ДНК-зонды метили диоксигенином d UTP (Boehringer Mannheim) по
протоколу этой фирмы.
Саузерн-гибридизацию осуществляли в течение 18-24 часов при 65ºС в
буфере 5xSSC, 5х раствор Денхардта, 0,2% SDS, 100 мкг/мл
денатурированной ДНК спермы лосося. Фильтры отмывали при температуре
42ºС впоследовательно в течение 30 мин. в растворах 2xSSC, 1xSSC + 0,2%
SDS, при 60ºС – 0,2хSSC + 0,1% SDS [48].
Процедуры нозерн-dot-гибридизации проводили таким образом. По
рекомендациям [51] аликвоты суммарного препарата РНК (1 мкг, 3 мкг, 10
мкг) растворяли в буфере, содержащем 10xSSC и 18% формальдегида. Для
полной денатурации молекул РНК пробы выдерживали 10 мин. при 65ºС.

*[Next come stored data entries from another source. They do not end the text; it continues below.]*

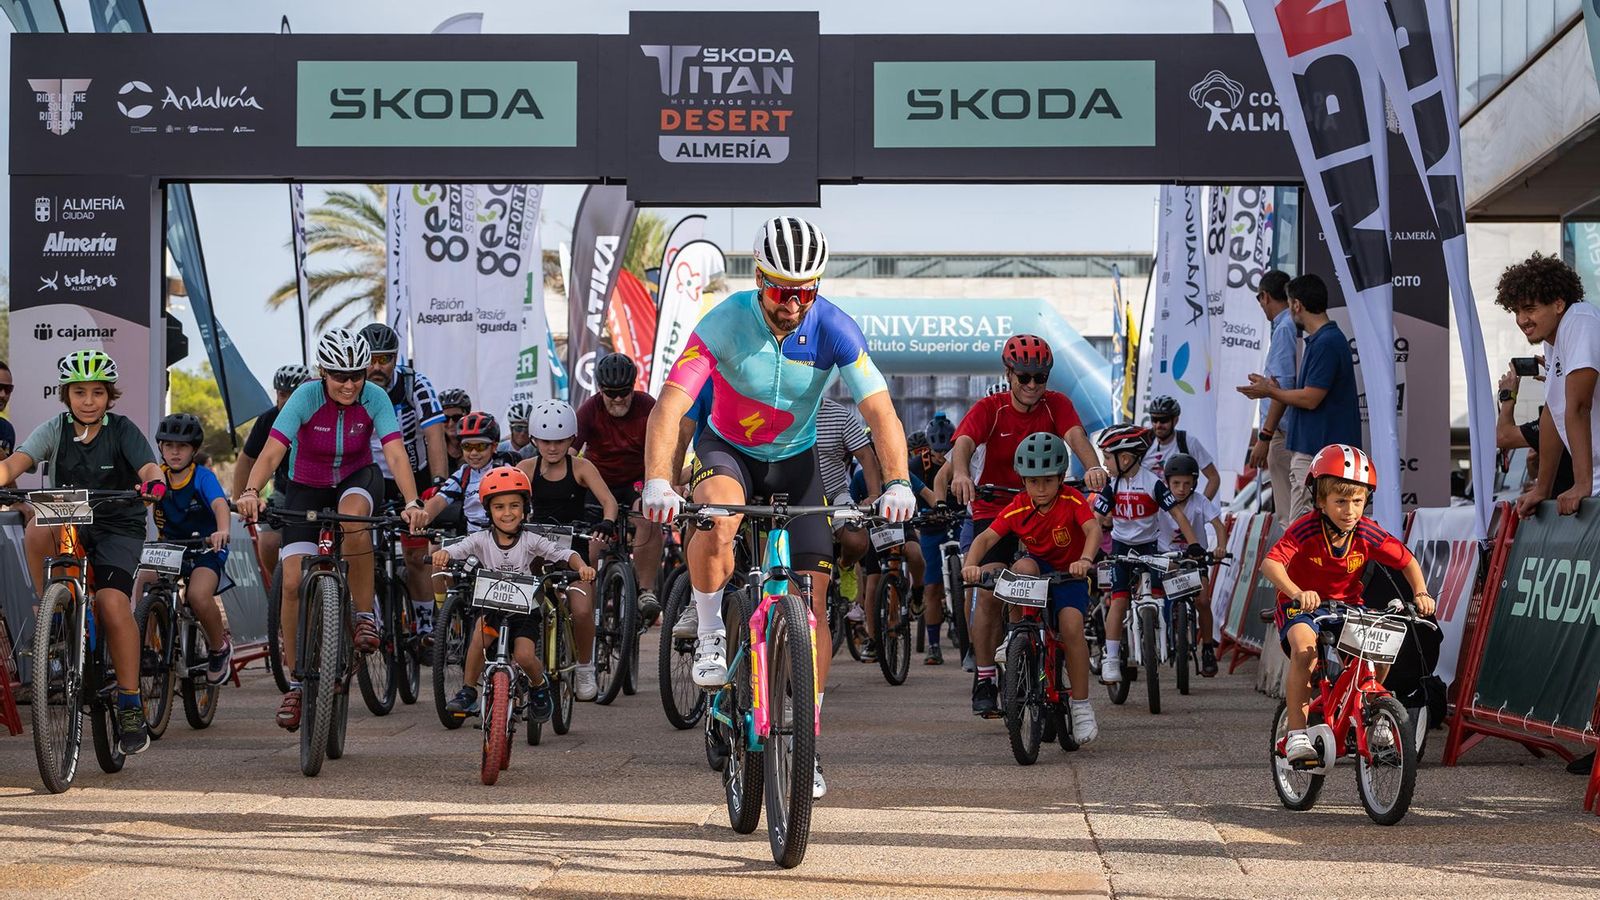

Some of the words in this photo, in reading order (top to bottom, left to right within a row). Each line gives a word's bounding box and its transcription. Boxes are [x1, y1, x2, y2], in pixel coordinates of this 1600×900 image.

[703, 48, 794, 63] SKODA
[640, 45, 794, 96] TITAN
[161, 86, 264, 111] Andalucía
[329, 88, 544, 119] SKODA
[906, 88, 1123, 120] SKODA
[1249, 92, 1281, 107] COS
[661, 109, 794, 131] DESERT
[676, 139, 771, 158] ALMERÍA
[63, 195, 125, 210] ALMERÍA
[62, 211, 95, 220] CIUDAD
[43, 231, 118, 252] Almería
[1394, 230, 1436, 240] ALMERÍA
[64, 268, 118, 287] sabores
[430, 297, 464, 310] Pasión
[417, 312, 473, 325] Asegurada
[57, 324, 117, 341] cajamar
[867, 339, 906, 352] tituto
[909, 339, 968, 355] Superior
[972, 339, 991, 352] de
[145, 549, 173, 557] FAMILY
[148, 556, 167, 565] RIDE
[225, 551, 259, 587] ODA
[489, 581, 519, 594] FAMILY
[1172, 576, 1191, 586] FAMILY
[492, 591, 514, 602] RIDE
[1010, 588, 1031, 597] RIDE

Быстро охлаждали на льду и наносили на нейлоновые фильтры Hybond N
("Amersham, Great Britain). Фиксацию препаратов РНК на фильтрах
осуществляли ультрафиолетом (254 нм) в течение 3-5 мин.
В качестве зондов в ДНК-РНК гибридизации использовали
рекомбинантные плазмиды: pВrB3, содержавшая фрагмент гена рибосомной
18S РНК крысы [52]; ETS, в составе которой присутствовал фрагмент гена
рибосомной 18S РНК гороха. ДНК-зонды метили диоксигенином d UTP
(Boehringer Mannheim) по протоколу этой фирмы.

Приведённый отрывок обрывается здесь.